Повседневное и систематическое сочетание двух этих планов – эмпирической и аналитической – исследовательской практики, при поддержании их достойного профессионального уровня, – вот тот тип социологической работы, который был задан Ю.А. Левадой и которому следует наш коллектив. Важно еще одно: эта идея была реально воплощена в структуре отделов Центра, в общей конструкции нашего журнала (до 2003 года – «Мониторинг общественного мнения», далее – «Вестник общественного мнения»). Большой массив таблиц и графиков соединяется в каждом из девяноста номеров журнала с несколькими крупными аналитическими статьями по проблемам экономики, политики, культуры нынешнего российского социума. Они принадлежат не только сотрудникам Центра, но и широкому кругу наших коллег и друзей в стране и за ее рубежами[4].

Задачей представить эту работу в самых общих чертах и определяется настоящий сборник. Понятно, что он по неизбежности ограничивается отдельными текстами включенных в него авторов. Из более чем 700 статей, опубликованных в «Мониторинге» и «Вестнике» с марта 1993 года до нынешнего дня, мы были вынуждены отобрать лишь 34.

Как нам кажется, они представляют разнообразие тематики и методических подходов в исследованиях трансформации постсоветского общества, концепций и возможностей анализа полученного материала. Отбирая статьи в сборник, мы исходили из двух критериев: с одной стороны, отобразить результаты наиболее важных исследований разных периодов нашей деятельности, а с другой – представить широкий круг наших авторов, ограничившись включением одной статьи каждого. Некоторые исключения продиктованы желанием не оставить в стороне важные для Центра темы.
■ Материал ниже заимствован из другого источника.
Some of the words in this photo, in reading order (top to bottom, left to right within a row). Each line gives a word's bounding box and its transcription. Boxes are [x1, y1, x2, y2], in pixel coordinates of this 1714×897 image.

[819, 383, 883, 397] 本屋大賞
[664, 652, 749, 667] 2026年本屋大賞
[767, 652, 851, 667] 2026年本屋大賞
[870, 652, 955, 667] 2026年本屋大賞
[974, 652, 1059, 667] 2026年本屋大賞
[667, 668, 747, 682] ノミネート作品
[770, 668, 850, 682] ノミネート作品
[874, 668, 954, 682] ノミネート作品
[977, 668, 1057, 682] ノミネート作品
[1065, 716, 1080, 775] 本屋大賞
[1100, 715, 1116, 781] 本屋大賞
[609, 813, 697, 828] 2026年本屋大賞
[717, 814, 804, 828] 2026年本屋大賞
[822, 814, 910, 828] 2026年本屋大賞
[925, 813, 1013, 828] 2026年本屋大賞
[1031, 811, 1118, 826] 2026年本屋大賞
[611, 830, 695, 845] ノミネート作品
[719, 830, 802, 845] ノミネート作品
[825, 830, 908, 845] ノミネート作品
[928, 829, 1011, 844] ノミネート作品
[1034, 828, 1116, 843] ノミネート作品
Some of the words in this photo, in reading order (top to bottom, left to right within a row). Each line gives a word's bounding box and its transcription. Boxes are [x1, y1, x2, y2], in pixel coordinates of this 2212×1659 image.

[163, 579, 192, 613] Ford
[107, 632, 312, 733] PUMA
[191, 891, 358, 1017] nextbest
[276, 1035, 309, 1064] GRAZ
Ряд материалов мы из-за ограниченного объема книги все-таки не смогли взять, о чем очень жалеем.

Остальное – за читателями.

Лев Гудков, Борис Дубин

Татьяна Заславская

Как рождался ВЦИОМ

Татьяна Ивановна, как Вы считаете, десять лет ВЦИОМу – это много или мало?

Я бы скорее сказала, что много, потому что время у нас сейчас такое, что каждый год, как на войне, надо засчитывать за три. В эти десять лет уложилась такая громадная история, что я бы никак не оценила этот срок как маленький. Вообще, сам этот вопрос носит несколько двусмысленный характер, его можно понимать и в том смысле, молодое учреждение ВЦИОМ или старое, много у него еще сил или он уже идет к своей гибели. Мне кажется, ВЦИОМ жил настолько интенсивно и в его истории было столько сложных политических и счастливых моментов, что это много. И второй смысл, который я в это «много» вкладываю, – ВЦИОМ как профессиональная организация за десять лет давно уже перестал быть молодым и неопытным. Мне кажется, во ВЦИОМе уже наработан достаточно высокий профессионализм.
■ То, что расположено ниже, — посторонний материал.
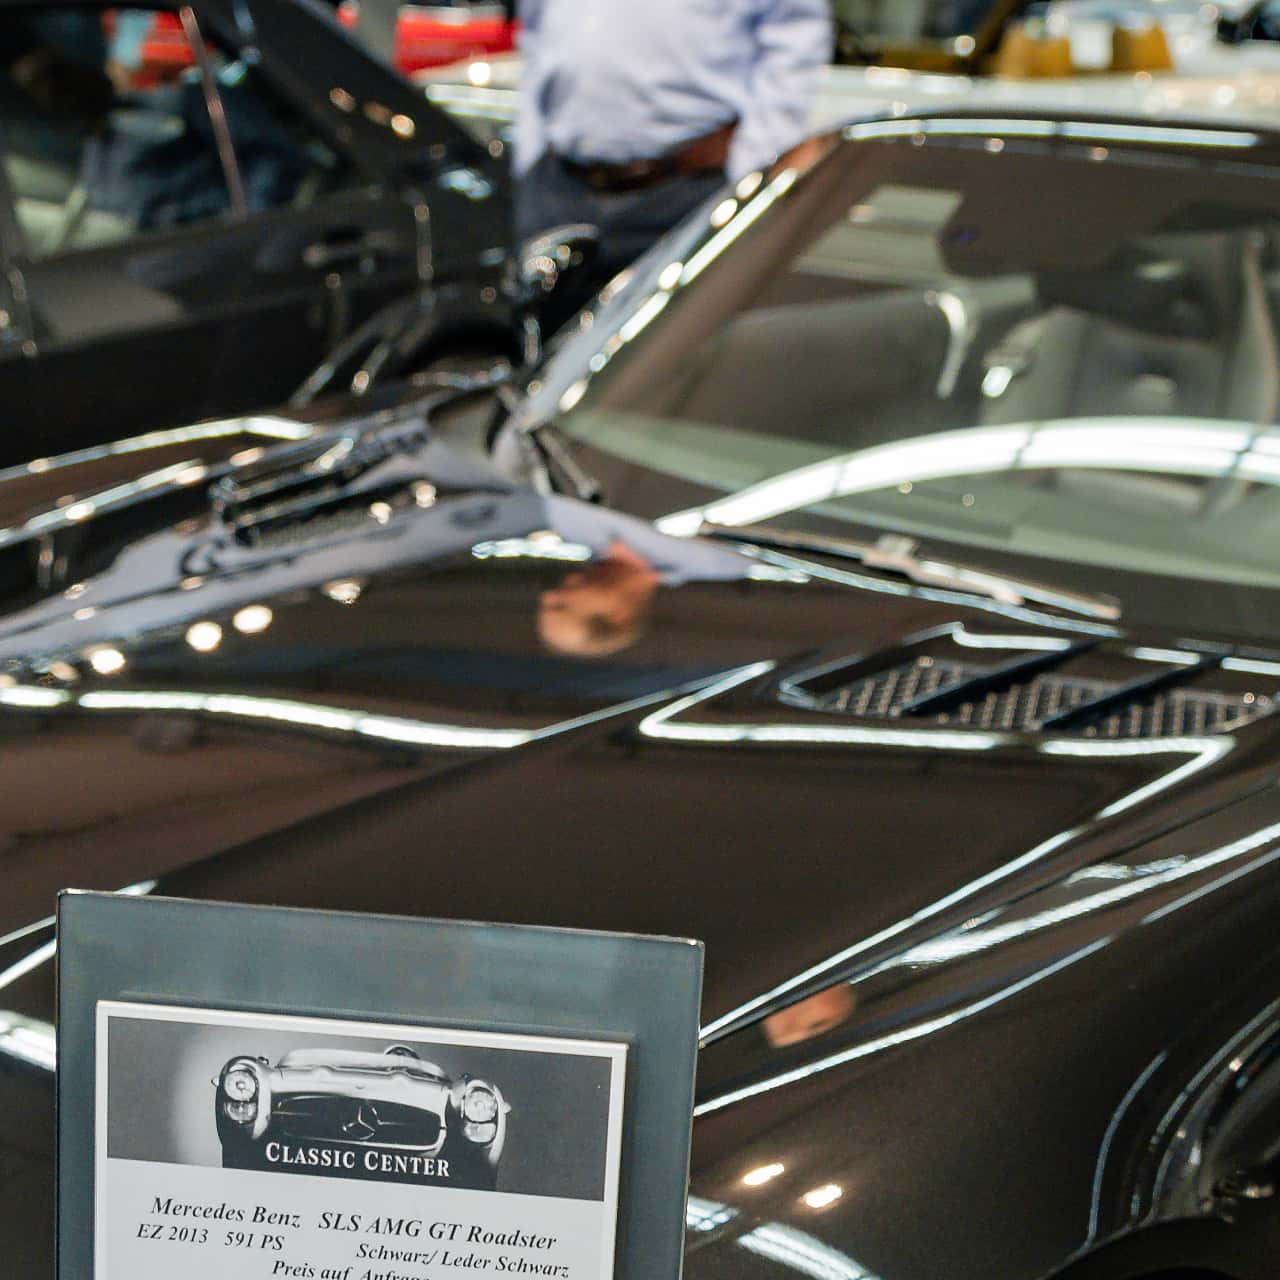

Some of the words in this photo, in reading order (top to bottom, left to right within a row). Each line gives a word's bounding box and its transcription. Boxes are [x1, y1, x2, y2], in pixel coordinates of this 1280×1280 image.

При организации ВЦИОМа на какой опыт Вы опирались? Лично у меня собственного опыта в этой области не было. Я занимаюсь экономической социологией и социологией села. А образцом для меня был Институт демоскопии – центр изучения общественного мнения в ФРГ, возглавляемый Э. Ноэль-Нойман. Я его посещала дважды. Первый раз в составе советской делегации в 1972 году, во второй – в 1989-м, когда я получила премию им. Карпинского в фонде FFS в Гамбурге, в честь этого для меня было организовано турне по социологическим центрам страны. И тогда, и раньше, в 1972 году, Институт демоскопии произвел на меня просто ошеломляющее впечатление. Сравнительно небольшое здание, очень небольшой коллектив сотрудников (порядка 30–40 человек, не больше), гигантский объем работ, многие сотни опросов в год… Продумано все до мелочей, техническая база – на совершенно недоступном тогда для нас уровне, и фантастическая четкость организации, особенно по сравнению с нами – мы, россияне, крайне неорганизованные люди. У меня было ощущение, что я побывала в будущем веке. Мы в начале 70-х годов обрабатывали социологические данные на огромных электронных машинах БЭСМ и М-20, находившихся в Вычислительном центре СО АН СССР, стояли в очередях, подолгу ждали таблиц. Чуть пораньше, в 1967 году, мы провели громадное для тех времен обследование сельского населения, собрали 5 тысяч семейных и больше 10 тысяч индивидуальных анкет. Как Вы думаете, сколько времени обрабатывался этот массив?

Года три?

Два года. Конечно, работали не вручную, но машиносчетная станция, кодирование, перфорация, дырочки – это что-то столь допотопное, что страшно вспоминать. Да и наше неумение – ведь это был наш первый социологический опрос, причем проводился он вместе с Центральным статистическим управлением РСФСР, но и оно нам тоже ничем не могло помочь. У нас на машиносчетной станции работало человек 10–15, а в математическом центре Ноэль-Нойман – три человека. Когда она привела меня туда, я спросила, сколько времени будет продолжаться работа с массивом из 3 тысяч анкет, который в тот момент обрабатывался. Она не поняла: «Как – сколько времени?» Я решила уточнить свой вопрос, но про годы вроде неудобно спрашивать, да и с месяцами, пожалуй, можно попасть впросак, – спрашиваю: «Сколько дней?» Она рассмеялась: «Если бы мы считали время обработки на дни, эти люди здесь бы давно не работали». Речь шла о двух-трех часах.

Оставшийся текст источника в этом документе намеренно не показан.